Sinta menutupi wajahnya dengan buku karena malu apalagi pas kami bertiga ngeledekinnya dia malah menyalahkan kami karena tidak mengingatkan bahwah bukan hanya kami saja berada di dalam kelas.
“Kebiasaan kamu malu-maluin tuh kapan hilangnya sih Sin?” tanya Nadin.
“Udah tau di kelas masa kamu bisa gak sadar Sin.
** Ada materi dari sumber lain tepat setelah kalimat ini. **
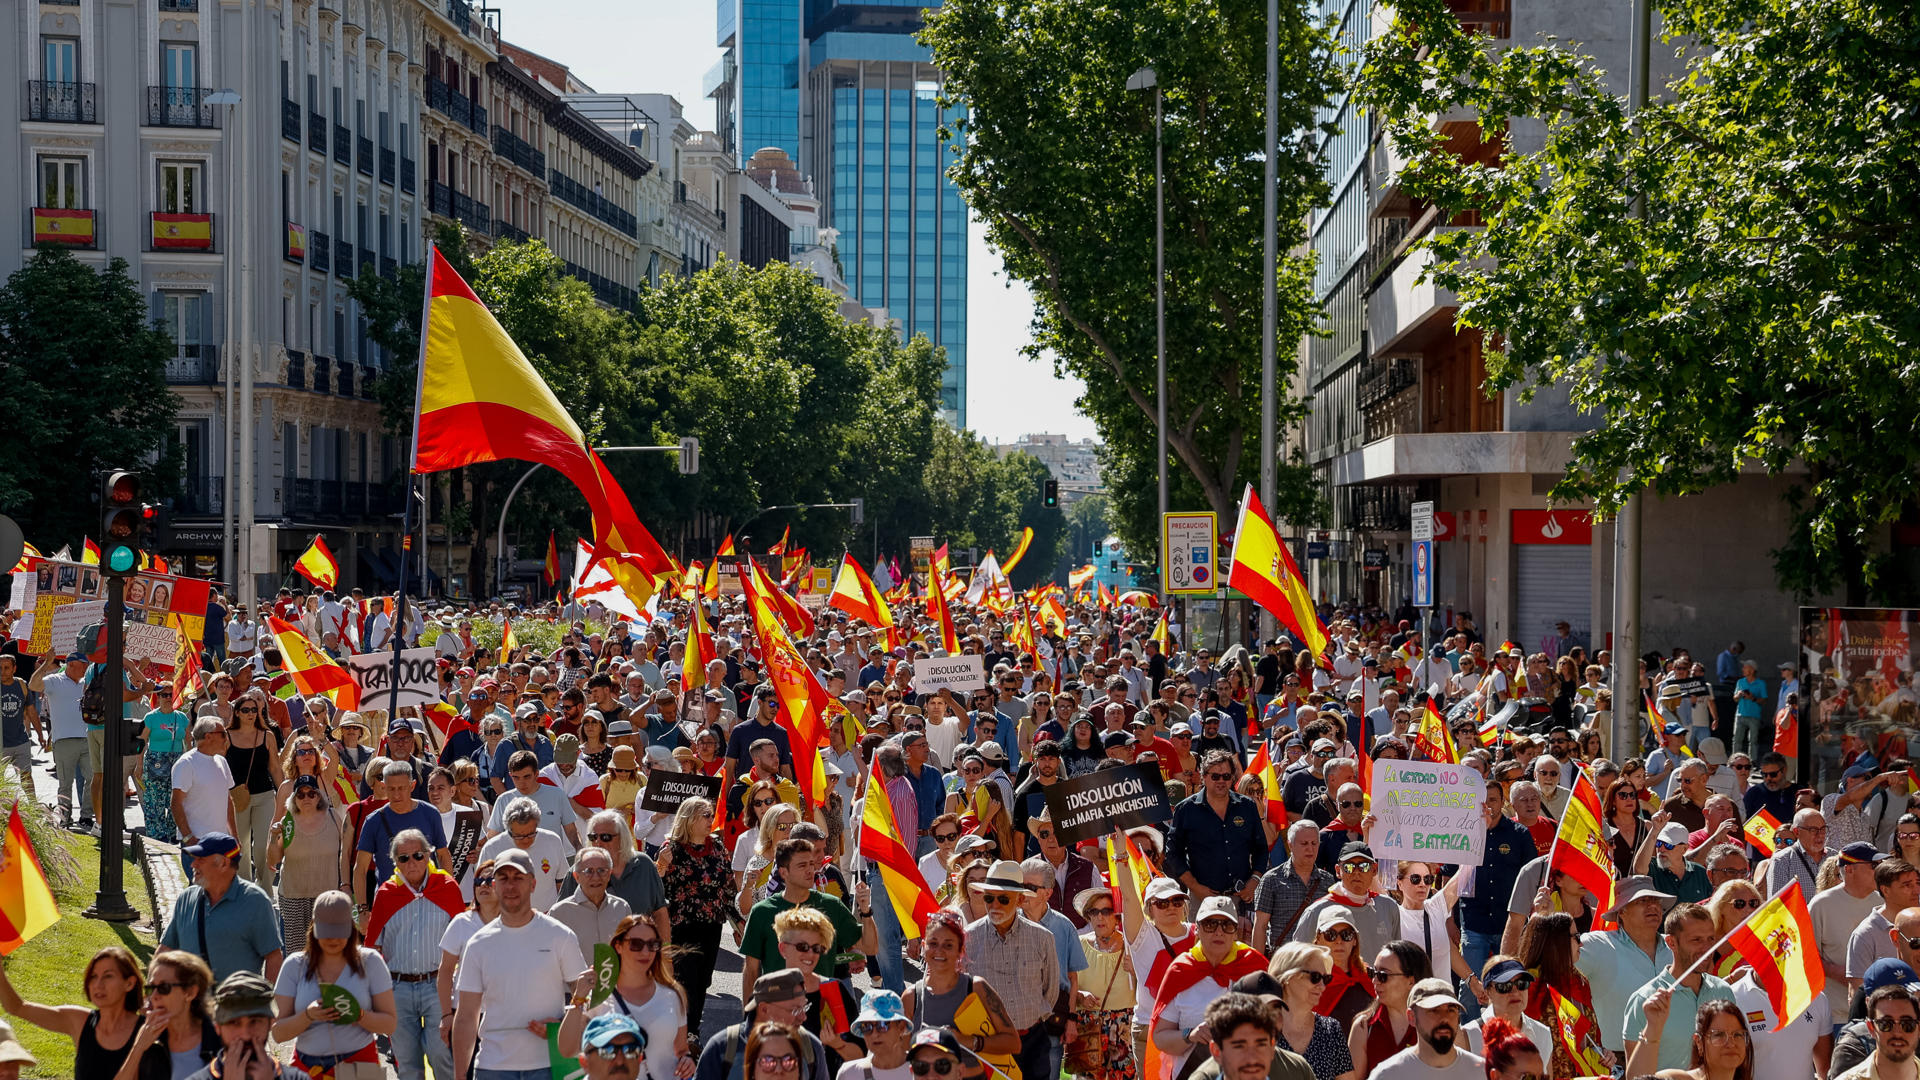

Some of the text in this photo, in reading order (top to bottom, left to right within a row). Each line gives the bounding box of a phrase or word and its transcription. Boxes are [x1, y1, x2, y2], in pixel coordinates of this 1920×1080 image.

[1850, 635, 1873, 645] Dale
[1850, 648, 1857, 656] a
[1857, 647, 1868, 656] tu
[932, 676, 948, 684] MAFIA
[662, 781, 709, 796] ¡DISOLUCIÓN
[1065, 777, 1144, 811] ¡DISOLUCIÓN
[1306, 785, 1327, 794] JAC
[663, 794, 680, 803] MAFIA
[1061, 794, 1159, 829] DE LA MAFIA SANCHISTA!!
[284, 820, 292, 840] VOX
[1456, 812, 1480, 830] dar
[1384, 829, 1403, 848] LA
[454, 828, 475, 879] ¡DISOLUCIÓ
[600, 956, 614, 992] VOX
[334, 994, 354, 1016] VOX
[1751, 1024, 1767, 1032] ESP
Mikirin apaan kamu Sin? sampe bisa berapi-api gitu semangat ngomongnya, jangan-jangan kamu korban nepotisme ya?” iseng Feli nanya pada Sinta.
“Iya, Nta pernah jadi korban nepotisme ngapa emangnya?” mendengar jawaban Sinta yang terdengar baper membuat kami tertawa terbahak-bahak dibuatnya sehingga menambah kekesalan Sinta.
“Apes amat deh, Nta hari ini. Jangan-jangan, sekarang hari sial Nta gara-gara durhaka sama abang Nta tadi pagi.” mendengar ucapan Sinta yang diucapkan dengan pelan tapi masih bisa kami dengar makin membuat kami tertawa terbahak-bahak dibuatnya.
TBC
KAMU SEDANG MEMBACA
Mengejar Takdir
General FictionSeorang gadis yang bermimpi dapat mengangkat derajat kedua orang tuanya. Ia berharap dengan keberangkatannya ke pulau Jawa dan meninggalkan pulau Sumatera ia bisa mengubah takdir hidupnya. Jika perlu ia rela menyebrangi lautan dari negara satu ke ne...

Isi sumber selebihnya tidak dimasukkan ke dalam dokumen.